What you return should be the complete data below, word for word, with no pictures in it.

━━━━━ Excerpted records ━━━━━

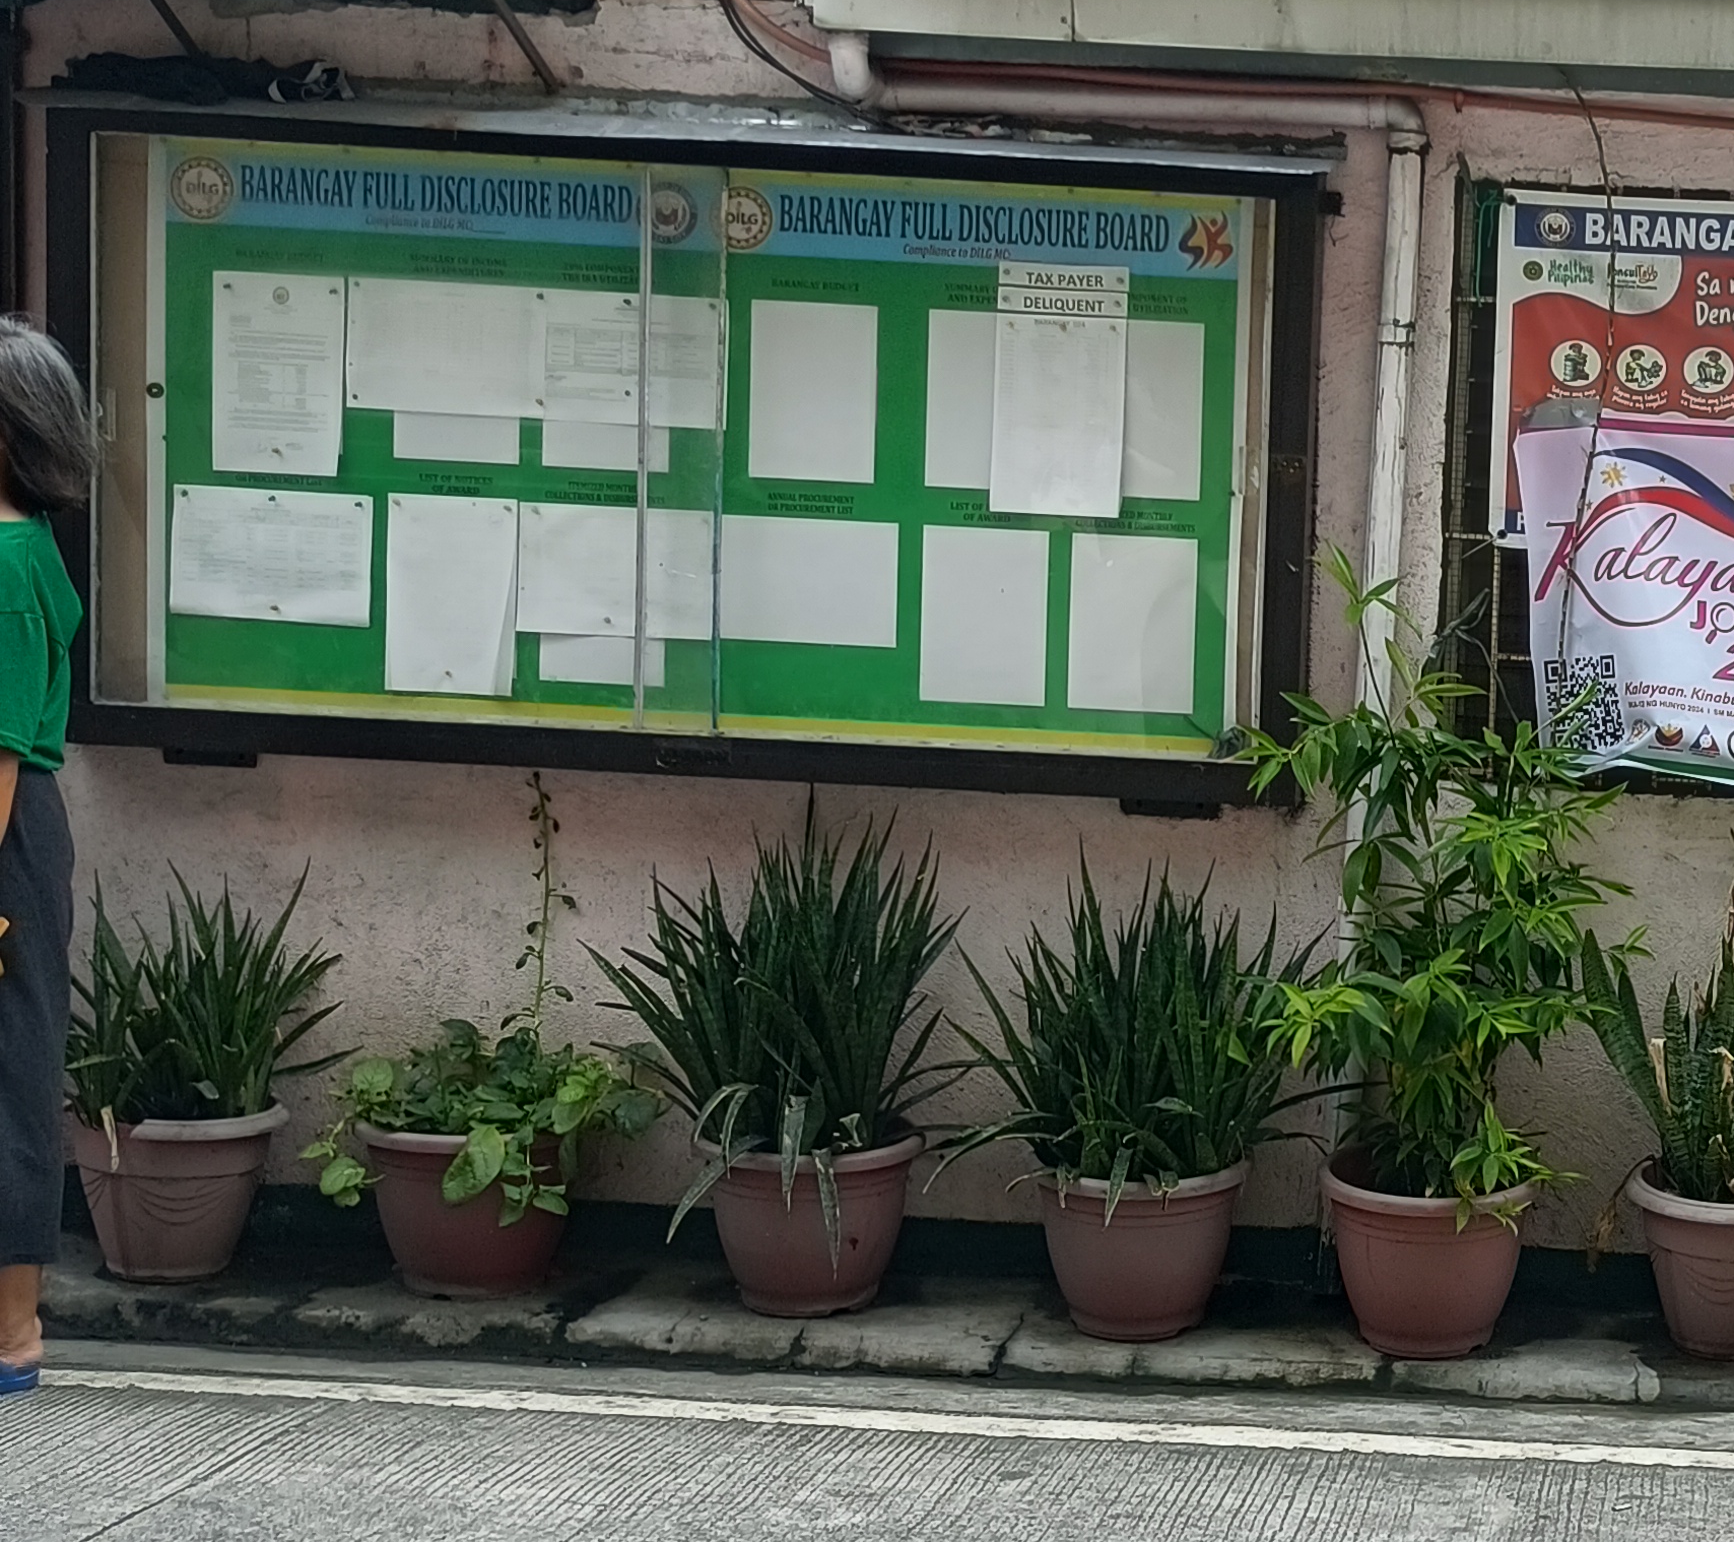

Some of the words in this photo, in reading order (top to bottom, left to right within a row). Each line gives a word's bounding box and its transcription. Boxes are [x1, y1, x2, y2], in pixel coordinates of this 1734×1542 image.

[240, 165, 356, 208] BARANGAY
[362, 171, 411, 211] FULL
[420, 175, 551, 219] DISCLOSURE
[558, 183, 633, 223] BOARD
[779, 194, 895, 237] BARANGAY
[901, 204, 951, 240] FULL
[959, 207, 1089, 250] DISCLOSURE
[1096, 215, 1169, 252] BOARD
[1550, 260, 1594, 277] Healthy
[1025, 272, 1053, 287] TAX
[1058, 273, 1104, 288] PAYER
[1548, 270, 1594, 287] Pilipinas
[1696, 273, 1722, 296] Sa
[1023, 295, 1105, 312] DELIQUENT
[1625, 682, 1687, 699] Kalayaan.

━━━━━

Result of this exercise:
Some of the words in this photo, in reading order (top to bottom, left to right within a row). Each line gives a word's bounding box and its transcription. Boxes are [x1, y1, x2, y2], in pixel coordinates of this 1734×1542 image.

[240, 165, 356, 208] BARANGAY
[362, 171, 411, 211] FULL
[420, 175, 551, 219] DISCLOSURE
[558, 183, 633, 223] BOARD
[779, 194, 895, 237] BARANGAY
[901, 204, 951, 240] FULL
[959, 207, 1089, 250] DISCLOSURE
[1096, 215, 1169, 252] BOARD
[1550, 260, 1594, 277] Healthy
[1025, 272, 1053, 287] TAX
[1058, 273, 1104, 288] PAYER
[1548, 270, 1594, 287] Pilipinas
[1696, 273, 1722, 296] Sa
[1023, 295, 1105, 312] DELIQUENT
[1625, 682, 1687, 699] Kalayaan.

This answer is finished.